Things will get better: Janet’s story
For a parent, the pangs of hunger are hardly the worst torment endured. Far beyond the focus on one’s own discomfort is an aim at quieting the grumblings of your little ones. It’s a burden felt by the parents of the 83,000 hungry Idaho children, and it’s a torment that Janet knows all too well.
In the early 1980’s, Janet was a young mother with three children for whom there was seemingly never quite enough.
“There was a time when I realized no matter how hard my husband worked, no matter how much I saved, no matter how many corners I cut, it just wasn’t enough,” Janet says.
Janet was a stay-at-home mother. She canned, made homemade bread, and tried to stretch whatever food her family received in commodities or food stamps each month.
But no matter how thin the safety net felt, there was never a time where she allowed her children to feel the stresses that she and her husband were enduring.
“My children never went hungry,” she says. “I was very fortunate. There was a time when I didn’t eat as much and my husband didn’t eat as much as we wanted. I’m sure our children were bored with some of the food they got. But, we were fortunate.”
That period lasted in Janet’s life for years. Eventually, like so many other Idahoans, the trial ended. But that doesn’t mean she stopped visiting her pantry.
Like she had done even during the height of her struggles, Janet dedicated the next period of her life to helping at her local pantry as a volunteer. Now, three decades later, she’s on the board of a pantry in The Idaho Foodbank network.
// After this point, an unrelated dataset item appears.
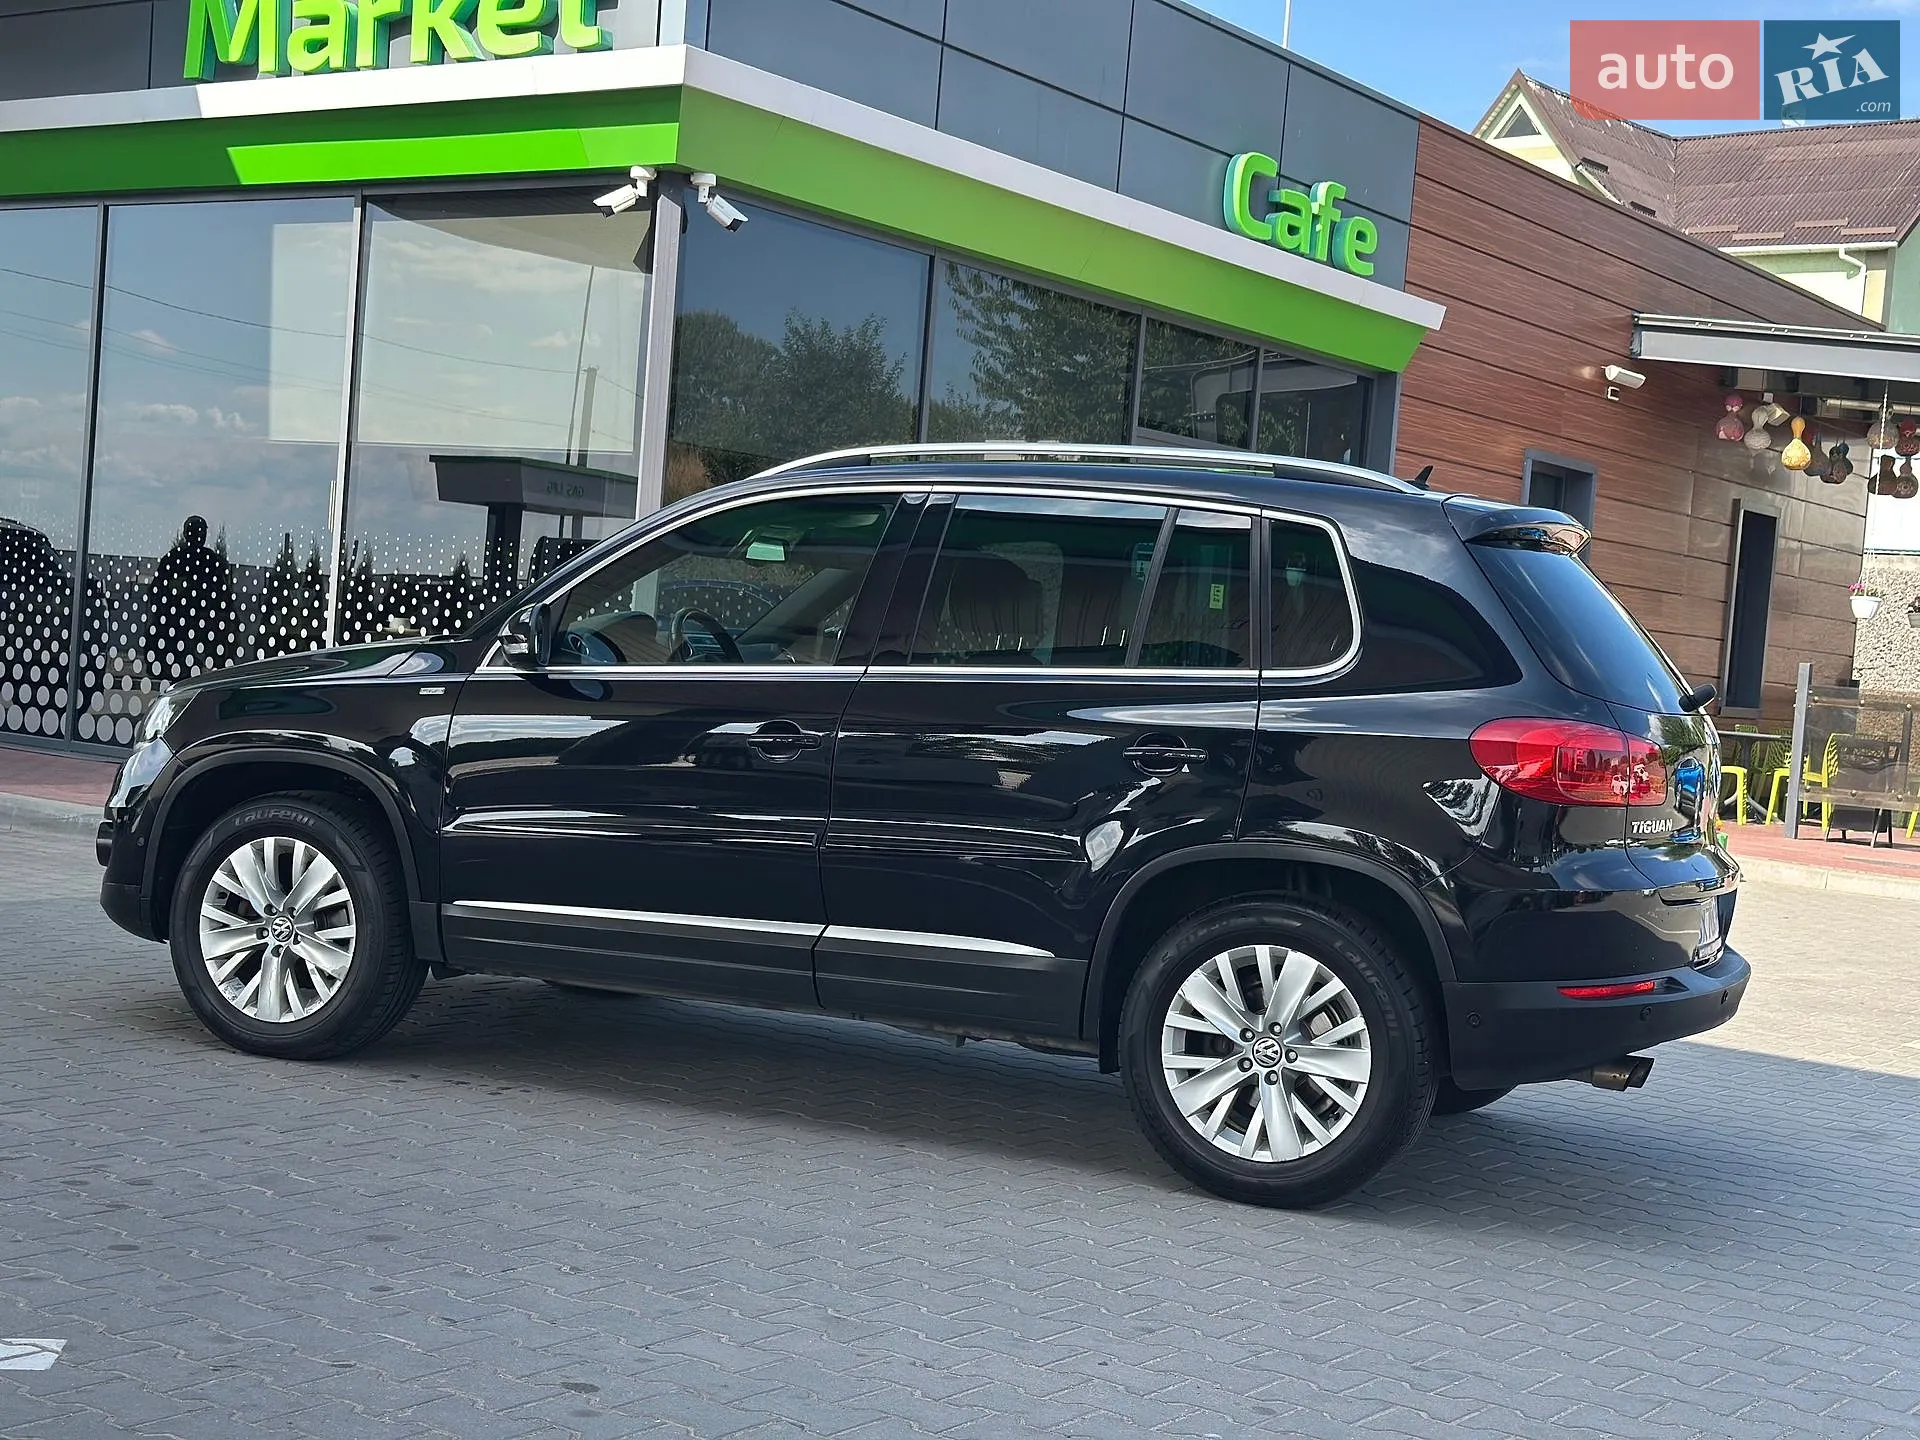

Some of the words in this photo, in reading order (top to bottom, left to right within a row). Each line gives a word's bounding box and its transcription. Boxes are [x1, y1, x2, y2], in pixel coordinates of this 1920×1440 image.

She says she sees her own family in the faces of the people she serves.
“It’s one of those things down there at the pantry or at the dinner when you have a parent that comes up to you and the mom says she’s so glad you’re there because it’s the only night she knows her children will get a full belly that week. I’m so glad I’m able to do this at this point in my life,” she said.
Time has gone by, but Janet says she, her husband, and even her children are better off because of the struggle and the success in improving their economic circumstances.
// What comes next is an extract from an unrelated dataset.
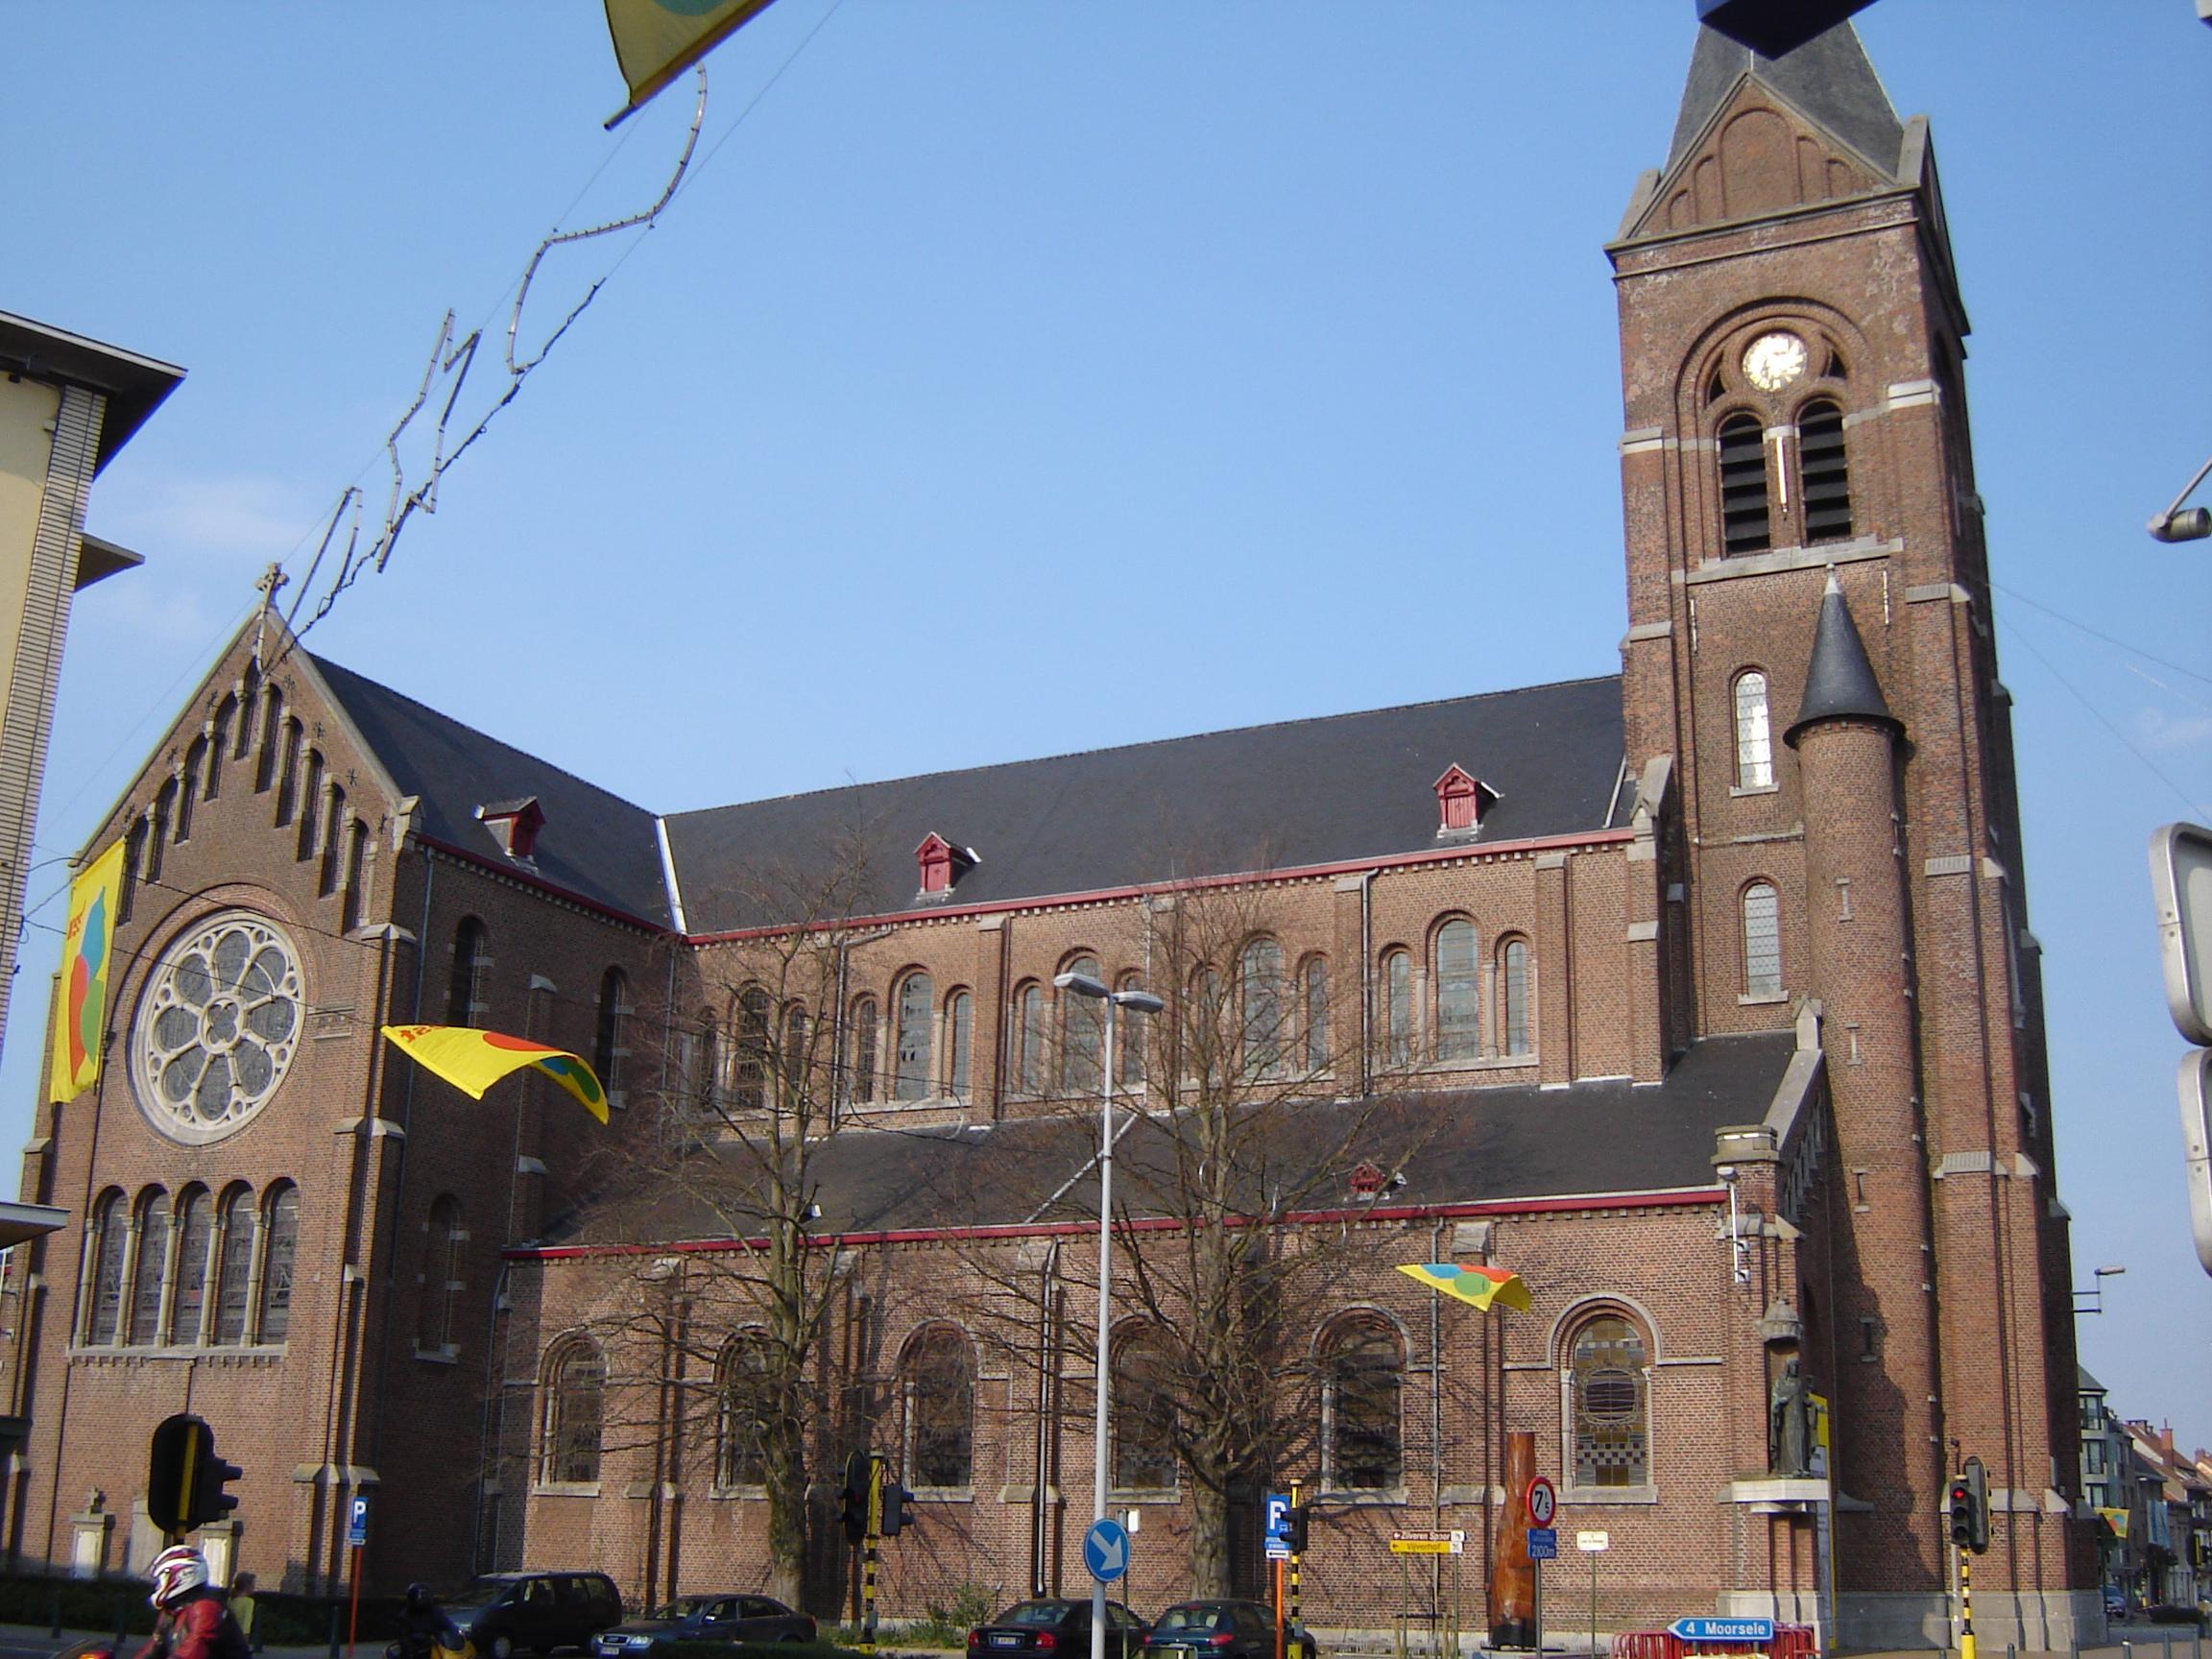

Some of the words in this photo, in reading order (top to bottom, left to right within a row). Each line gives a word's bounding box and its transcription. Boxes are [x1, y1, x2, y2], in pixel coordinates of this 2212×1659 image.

[353, 1501, 367, 1524] P
[1269, 1501, 1286, 1529] P
[1686, 1622, 1695, 1634] 4
[1705, 1622, 1766, 1635] Moorsele
Even with Janet’s own family beyond hunger, 240,000 other Idahoans are left in the depth of their own stress. But Janet knows that’s temporary, thanks to the giving people who support the Foodbank and local pantries as donors, volunteers and advocates.
“You can’t put a box around hope,” she says. “It’s something that survives everything. People in the most dire circumstances still have hope that things will get better. Things will get better.”